Vero wheeled it alongside Harris. “Did you get this idea from one of your books?”

“Not exactly.” I was pretty sure it came from an episode of Sid the Science Kid. At this point, I didn’t care as long as it worked.

On the count of three, we hefted Harris onto the board and rolled him to the open trunk of Vero’s car. Using the bumper for leverage and Harris’s head as a counterweight, inch by inch, with a lot of cursing and grunting, we managed to stuff him inside. When it was done, I leaned against the rear quarter panel of the Honda, dripping sweat and feeling a strange sense of accomplishment.

Vero grabbed the small pink trowel from the workbench and tossed it on top of him.

“What’s that for?” I asked as she slammed the trunk closed.

“What else do we have to bury him with?” She shrugged and got in the car.





CHAPTER 11





According to our parents, the first question out of Georgia’s mouth the day I was born was, “When can we send her back?” Georgia had never asked for a baby sister, and in her defense, she’d only been four years old at the time. But this remained the defining question of our relationship until the day Georgia left home for the police academy. As kids, I had always been the bad guy—the one person in the house Georgia could point a finger at whenever anything went wrong. But once Georgia became a cop, it was as if she’d suddenly run out of fingers to point at me. The bad guys were everywhere else, and by comparison, I guess I wasn’t so bad.

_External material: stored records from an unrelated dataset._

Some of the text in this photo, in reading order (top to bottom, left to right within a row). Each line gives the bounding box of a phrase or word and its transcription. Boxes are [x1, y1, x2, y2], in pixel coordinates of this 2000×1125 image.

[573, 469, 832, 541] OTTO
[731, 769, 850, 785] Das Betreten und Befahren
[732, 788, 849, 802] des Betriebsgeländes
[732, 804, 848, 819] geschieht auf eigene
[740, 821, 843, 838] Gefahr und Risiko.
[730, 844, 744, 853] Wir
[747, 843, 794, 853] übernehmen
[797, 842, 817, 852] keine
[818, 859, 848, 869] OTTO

Only it didn’t feel that way as I stood in the doorway of my big sister’s apartment, smelling like vodka and sweat and Harris Mickler’s saliva, fully aware that his body was probably slowly decomposing in the trunk of Vero’s car. Hopefully, Georgia would be so relieved to see me, she wouldn’t notice anything odd.

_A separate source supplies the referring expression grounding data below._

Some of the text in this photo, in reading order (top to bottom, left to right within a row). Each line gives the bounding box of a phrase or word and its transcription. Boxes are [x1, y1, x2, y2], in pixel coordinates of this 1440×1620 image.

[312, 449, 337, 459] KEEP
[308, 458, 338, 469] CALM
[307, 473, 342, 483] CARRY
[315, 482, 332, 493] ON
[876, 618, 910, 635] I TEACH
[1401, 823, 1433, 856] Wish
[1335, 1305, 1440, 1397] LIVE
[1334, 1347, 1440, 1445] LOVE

Zach was splayed on her shoulder when she answered the door. She wrangled my limp toddler into her arms, pausing as I leaned in to take him from her. She wrinkled her nose. “I thought you said you were working.”

Damn cop senses. Georgia’s nose might as well be a Breathalyzer. “I was.”

I reached for Zach. She held him just out of reach. “Why do you smell like booze?”

Because bourbon might be the only thing holding me together right now. “Writer’s block. I needed something to loosen up my brain.”

“Are you okay to drive?”

“I didn’t.” I hitched a thumb over my shoulder at my partner in crime.

Georgia rose up on her toes, glancing over the balcony. Below it, Vero’s butt stuck out the back of her Accord as she wrestled the kids’ car seats into place. “I thought you said Steven let her go.”

“He did.” I scratched my still-sweaty neck, finding it hard to look her in the eyes. “She came over to the house to pick up her things, and we ended up…” Destroying my table linens, dividing what’s left of my assets, and stuffing a dead guy in her trunk. “… working something out.”

As if summoned, Vero appeared behind me. “I’m going to move in and watch the kids in exchange for room and board,” she said, reaching for Zach.

And forty percent of my soul.

Georgia sagged as if a huge weight had been lifted off of her as she hefted Zach into Vero’s arms and she whisked him off to the car. Georgia rubbed her shoulder, inclining her head toward the sofa behind her. Delia lay curled under a blanket, her fine blond hair rising in a staticky halo around a silver crown of duct tape, her brow furrowed in her sleep. The TV was on low, its pale glow flickering over Delia’s soft cheeks. I was glad she wasn’t awake to hear it as the anchorman recounted the details of three grisly homicides only a few miles away. I glanced up at the headline: Man suspected of ties to mafia acquitted of all charges.